The financial impact has already been severe. CloudSEK documented cases where developers were hit with unauthorized charges: a solo developer received a $15,400 bill within hours, a Mexican development team was charged $82,314 in 48 hours, which was 455 times their normal monthly spend.

The Scale of Exposure

The 22 Android apps are just the beginning. Truffle Security scanned the November 2025 Common Crawl dataset and identified 2,863 live Google API keys vulnerable to this exact vector. Victims included financial institutions, security firms, recruiting companies, and even Google's own infrastructure.

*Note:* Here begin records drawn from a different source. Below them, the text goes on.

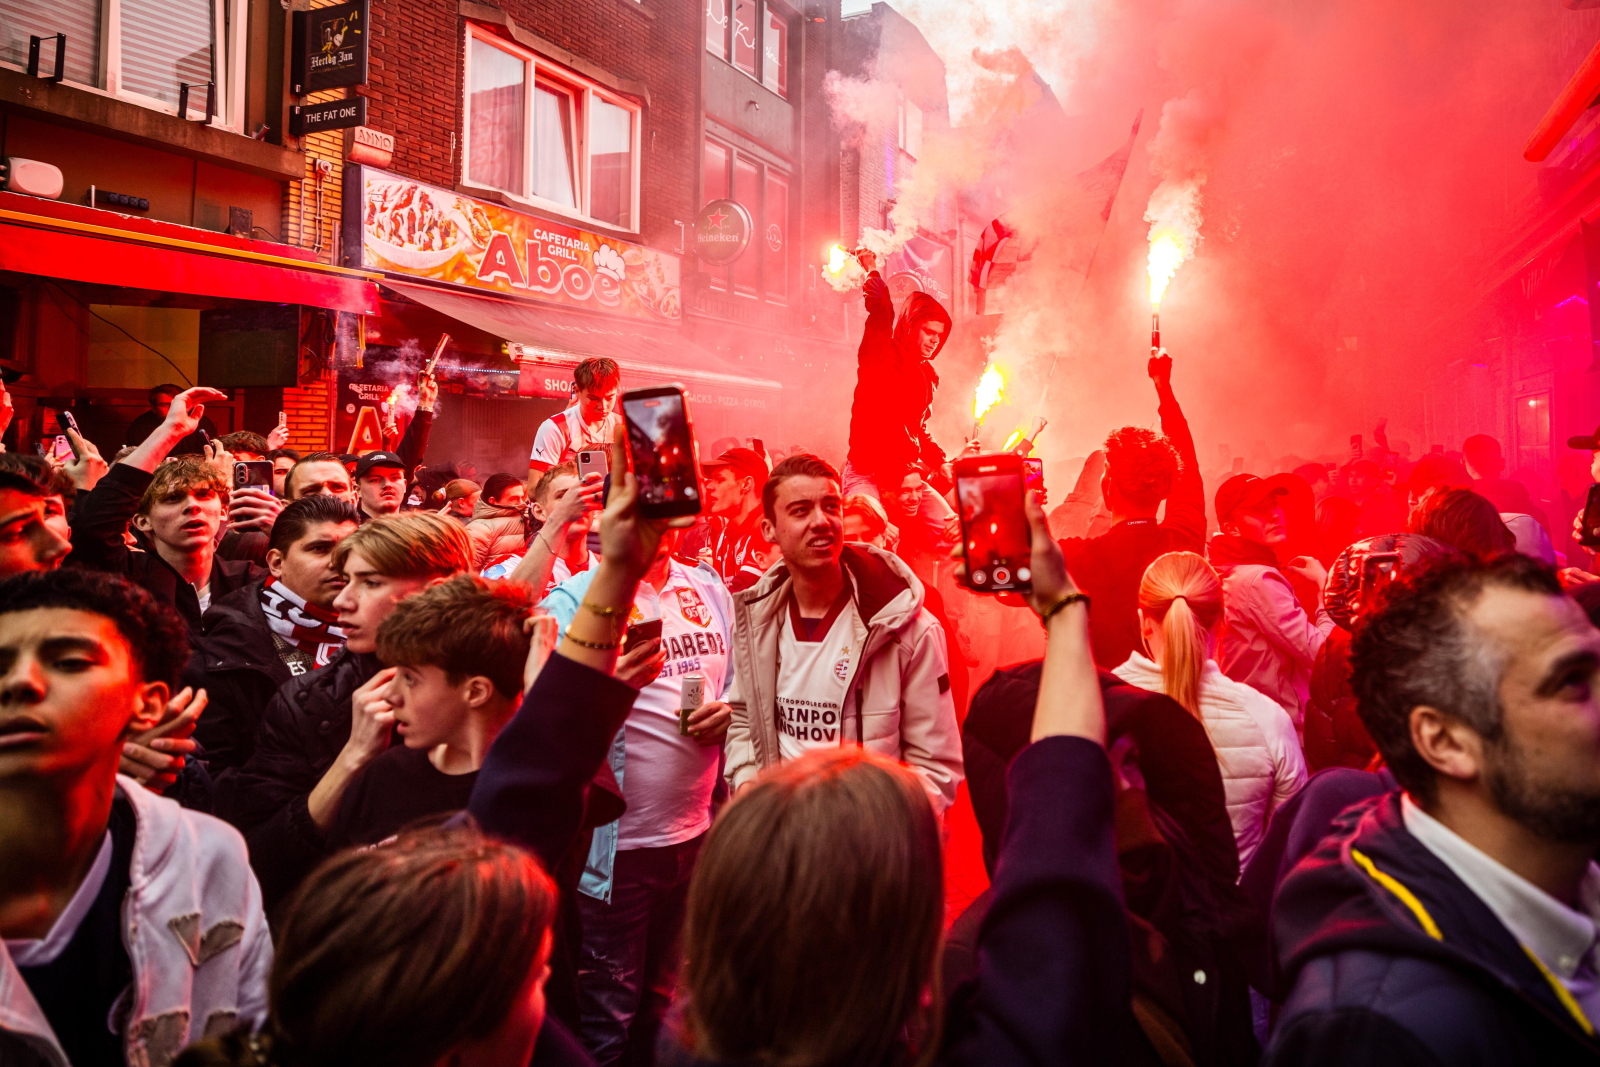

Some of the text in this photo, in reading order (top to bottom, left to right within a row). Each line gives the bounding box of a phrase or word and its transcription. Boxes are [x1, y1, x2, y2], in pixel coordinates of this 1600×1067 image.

[338, 51, 353, 65] Jan
[306, 107, 356, 123] THE FAT ONE
[534, 229, 590, 252] CAFETARIA
[697, 232, 739, 243] Heineken
[548, 245, 577, 260] GRILL
[476, 230, 620, 306] Aboe
[358, 393, 379, 401] GRILL
[718, 396, 739, 406] PIZZA
[744, 399, 766, 409] GYROS
[658, 657, 701, 679] ST 1995
[780, 706, 840, 726] AINPO

In a demonstration that underscored the irony, researchers tested a key embedded on a Google product's public website that had been deployed since February 2023, before Gemini even existed. The key was intended solely for Maps identification. When tested against Gemini's model endpoint, it returned a successful response, confirming unauthorized access through Google's own key.

Google's Response

Truffle Security reported the issue to Google's Vulnerability Disclosure Program on November 21, 2025. Google initially classified it as "Intended Behavior." After researchers provided examples using Google's own exposed keys, the issue was reclassified as a bug and upgraded in severity to "Single Service Privilege Escalation."

Google has committed to several remediation steps: scoped defaults for new keys created through AI Studio, automatic blocking of known leaked keys when used with the Gemini API, and proactive notifications when exposed keys are detected. Some measures are already underway, though a complete fix remains in progress.

What Users Should Know

If you use any of the affected apps, the risk depends on whether the app stores user data through Google's AI services. In the ELSA Speak case, speech recordings were accessible. Other apps may store different types of sensitive information.

This incident is part of a broader pattern where Google's privacy practices create risks that users have no visibility into. You cannot audit what API keys an app contains or what services those keys have access to. You rely entirely on the developer and Google to get the security model right.

• Review app permissions. Remove apps you no longer use, especially those that process sensitive data like voice recordings or financial information.
• Monitor your Google account. Check your account activity at myaccount.google.com for unfamiliar access patterns.
• Limit data shared with apps. Avoid uploading sensitive documents or recordings through third party apps when possible.

The Bottom Line

Google told developers their API keys were safe to make public. Then Google silently upgraded those keys to access one of the most powerful AI platforms on the planet. The result: 500 million app installs with live Gemini credentials, exposed user data, and developers hit with five figure bills they never authorized. When the platform changes the rules without telling you, even doing everything right is not enough.